## What the task asks
Every entry is to be returned exactly as it stands; the pictures are to be dropped.

Images for object localization:
┌──
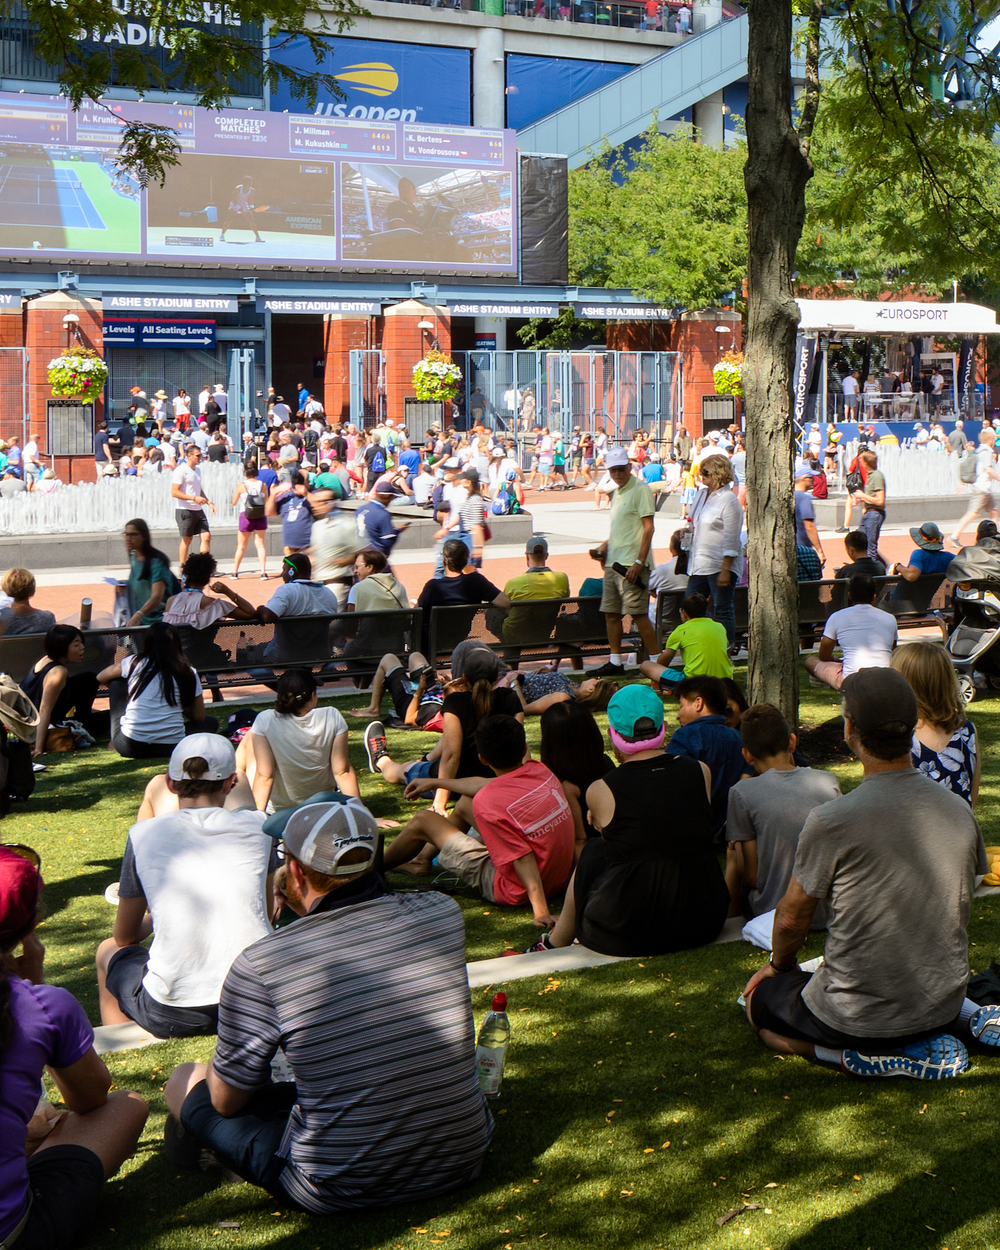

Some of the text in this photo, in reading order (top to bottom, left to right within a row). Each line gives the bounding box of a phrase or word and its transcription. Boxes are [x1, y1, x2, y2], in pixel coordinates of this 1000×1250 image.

[94, 103, 112, 112] Keys
[93, 115, 117, 124] Krunic
[214, 116, 266, 128] COMPLETED
[220, 125, 260, 134] MATCHES
[303, 127, 330, 136] Millman
[305, 139, 340, 148] Kukushkin
[417, 135, 442, 143] Bertens
[418, 147, 459, 156] Vondrousova
[0, 295, 12, 303] RY
[110, 297, 230, 308] ASHE STADIUM ENTRY
[264, 300, 374, 312] ASHE STADIUM ENTRY
[453, 304, 478, 313] ASHE
[481, 305, 521, 314] STADIUM
[581, 307, 605, 315] ASHE
[606, 308, 644, 316] STADIUM
[882, 308, 948, 320] EUROSPORT
[109, 325, 135, 334] Levels
[156, 326, 186, 335] Seating
[187, 326, 212, 335] Levels
[795, 346, 810, 415] EUROSPORT
[527, 810, 568, 840] vineyard
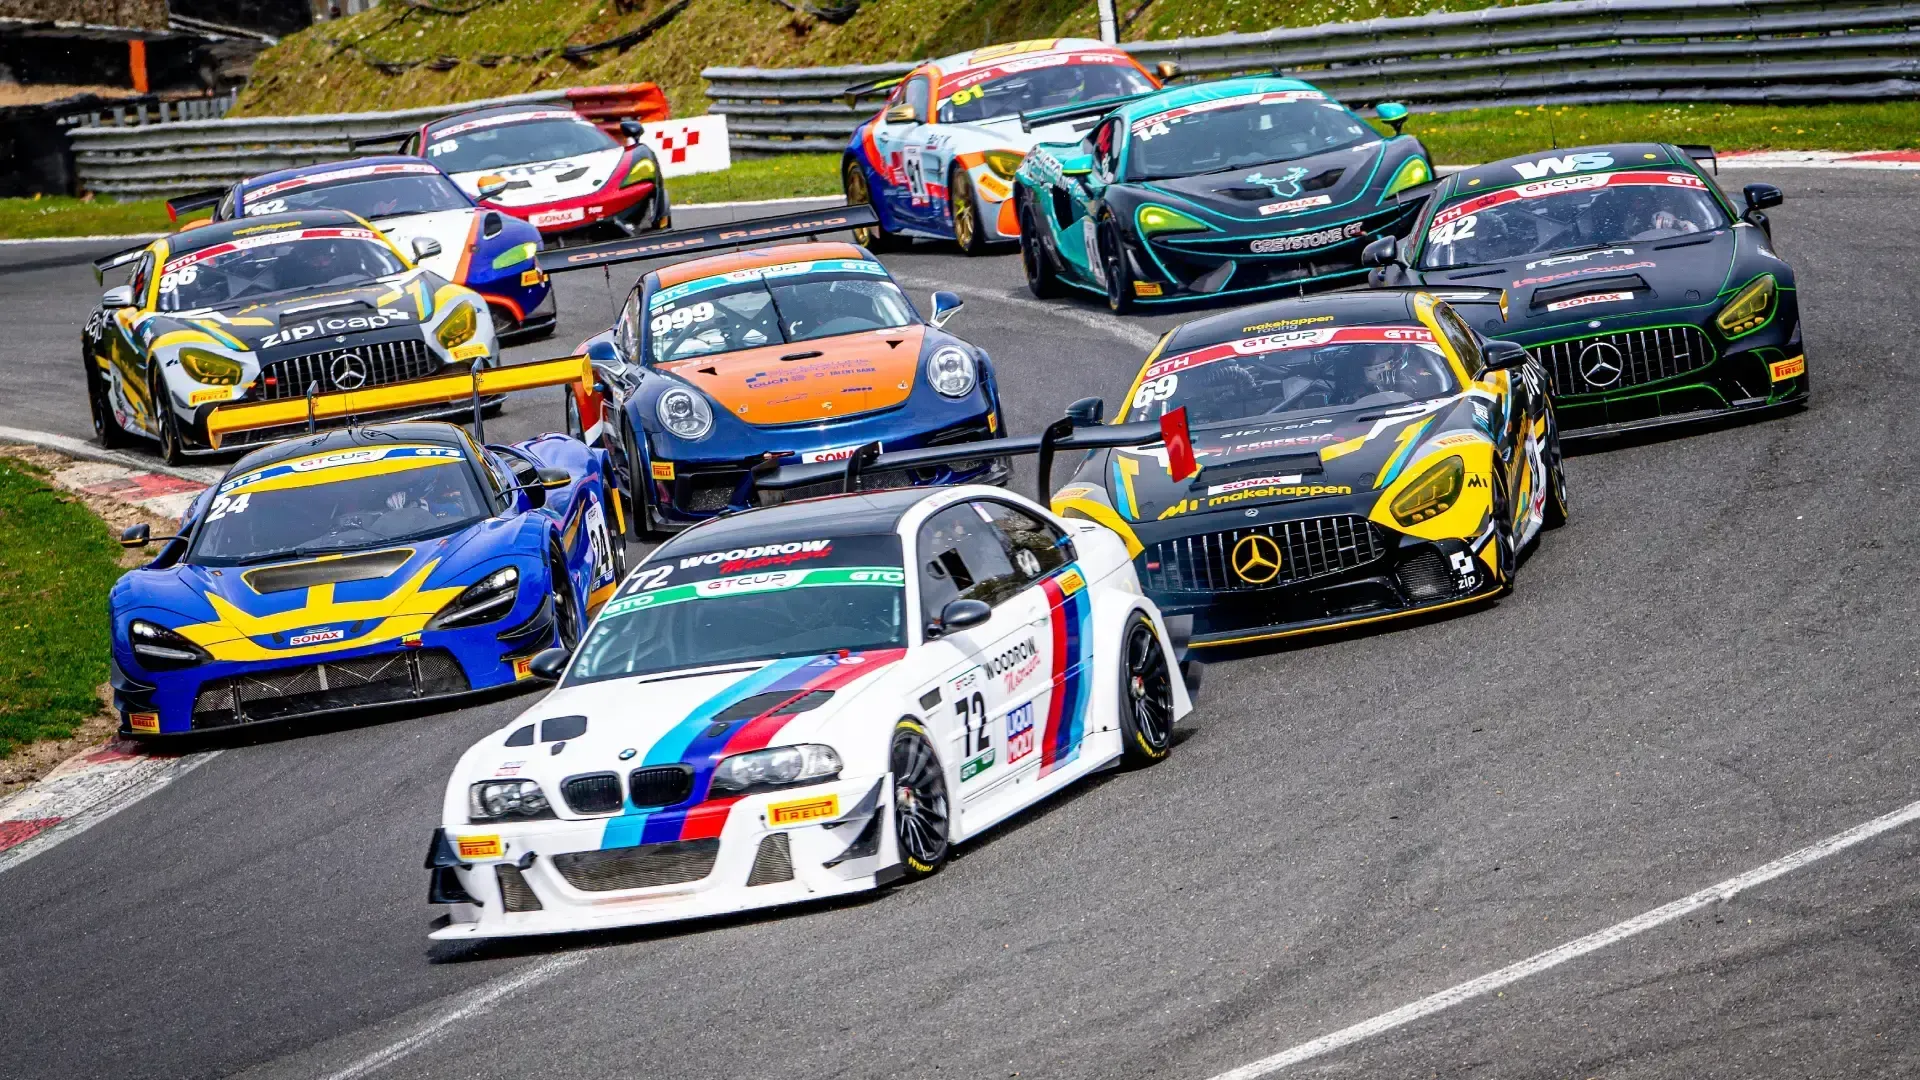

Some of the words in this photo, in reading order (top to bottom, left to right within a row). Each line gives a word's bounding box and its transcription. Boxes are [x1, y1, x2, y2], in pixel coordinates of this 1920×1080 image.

[951, 85, 984, 105] 91
[1133, 122, 1170, 142] 14
[428, 140, 459, 157] 78
[1511, 152, 1614, 179] WS
[1526, 176, 1593, 191] GTCUP
[1268, 198, 1319, 212] SONAX
[539, 213, 573, 224] SONAX
[1250, 228, 1342, 253] GREYSTONE
[1343, 222, 1364, 238] GT
[1431, 215, 1478, 245] 42
[164, 255, 197, 271] GTH
[732, 265, 798, 279] GTCUP
[841, 262, 881, 272] GTC
[159, 265, 199, 293] 96
[1557, 293, 1621, 309] SONAX
[651, 302, 714, 336] 999
[1242, 315, 1334, 333] makehappen
[1243, 331, 1317, 348] GTCUP
[1384, 329, 1432, 341] GTH
[1145, 356, 1190, 378] GTH
[1132, 374, 1178, 409] 69
[300, 451, 371, 467] GTCUP
[415, 447, 462, 457] GT3
[815, 449, 855, 463] SONA
[220, 473, 262, 492] GT3
[1222, 478, 1281, 491] SONAX
[1208, 484, 1351, 507] makehappen
[205, 493, 252, 524] 24
[679, 539, 832, 569] WOODROW
[719, 545, 834, 574] Motorsport
[626, 565, 676, 595] 72
[706, 573, 787, 590] GTCUP
[849, 571, 905, 582] GTO
[1458, 575, 1476, 590] zip
[604, 596, 655, 615] GTO
[292, 632, 339, 645] SONAX
[983, 635, 1037, 680] WOODROW
[955, 691, 990, 758] 72
[1008, 703, 1034, 738] LIQUI
[1008, 731, 1034, 764] MOLY
[773, 800, 833, 822] PIRELLI
[459, 840, 497, 856] PIRELLI
└──
## Exercise response
Some of the text in this photo, in reading order (top to bottom, left to right within a row). Each line gives the bounding box of a phrase or word and its transcription. Boxes are [x1, y1, x2, y2], in pixel coordinates of this 1000×1250 image.

[94, 103, 112, 112] Keys
[93, 115, 117, 124] Krunic
[214, 116, 266, 128] COMPLETED
[220, 125, 260, 134] MATCHES
[303, 127, 330, 136] Millman
[305, 139, 340, 148] Kukushkin
[417, 135, 442, 143] Bertens
[418, 147, 459, 156] Vondrousova
[0, 295, 12, 303] RY
[110, 297, 230, 308] ASHE STADIUM ENTRY
[264, 300, 374, 312] ASHE STADIUM ENTRY
[453, 304, 478, 313] ASHE
[481, 305, 521, 314] STADIUM
[581, 307, 605, 315] ASHE
[606, 308, 644, 316] STADIUM
[882, 308, 948, 320] EUROSPORT
[109, 325, 135, 334] Levels
[156, 326, 186, 335] Seating
[187, 326, 212, 335] Levels
[795, 346, 810, 415] EUROSPORT
[527, 810, 568, 840] vineyard

Some of the words in this photo, in reading order (top to bottom, left to right within a row). Each line gives a word's bounding box and its transcription. Boxes are [x1, y1, x2, y2], in pixel coordinates of this 1920×1080 image.

[951, 85, 984, 105] 91
[1133, 122, 1170, 142] 14
[428, 140, 459, 157] 78
[1511, 152, 1614, 179] WS
[1526, 176, 1593, 191] GTCUP
[1268, 198, 1319, 212] SONAX
[539, 213, 573, 224] SONAX
[1250, 228, 1342, 253] GREYSTONE
[1343, 222, 1364, 238] GT
[1431, 215, 1478, 245] 42
[164, 255, 197, 271] GTH
[732, 265, 798, 279] GTCUP
[841, 262, 881, 272] GTC
[159, 265, 199, 293] 96
[1557, 293, 1621, 309] SONAX
[651, 302, 714, 336] 999
[1242, 315, 1334, 333] makehappen
[1243, 331, 1317, 348] GTCUP
[1384, 329, 1432, 341] GTH
[1145, 356, 1190, 378] GTH
[1132, 374, 1178, 409] 69
[300, 451, 371, 467] GTCUP
[415, 447, 462, 457] GT3
[815, 449, 855, 463] SONA
[220, 473, 262, 492] GT3
[1222, 478, 1281, 491] SONAX
[1208, 484, 1351, 507] makehappen
[205, 493, 252, 524] 24
[679, 539, 832, 569] WOODROW
[719, 545, 834, 574] Motorsport
[626, 565, 676, 595] 72
[706, 573, 787, 590] GTCUP
[849, 571, 905, 582] GTO
[1458, 575, 1476, 590] zip
[604, 596, 655, 615] GTO
[292, 632, 339, 645] SONAX
[983, 635, 1037, 680] WOODROW
[955, 691, 990, 758] 72
[1008, 703, 1034, 738] LIQUI
[1008, 731, 1034, 764] MOLY
[773, 800, 833, 822] PIRELLI
[459, 840, 497, 856] PIRELLI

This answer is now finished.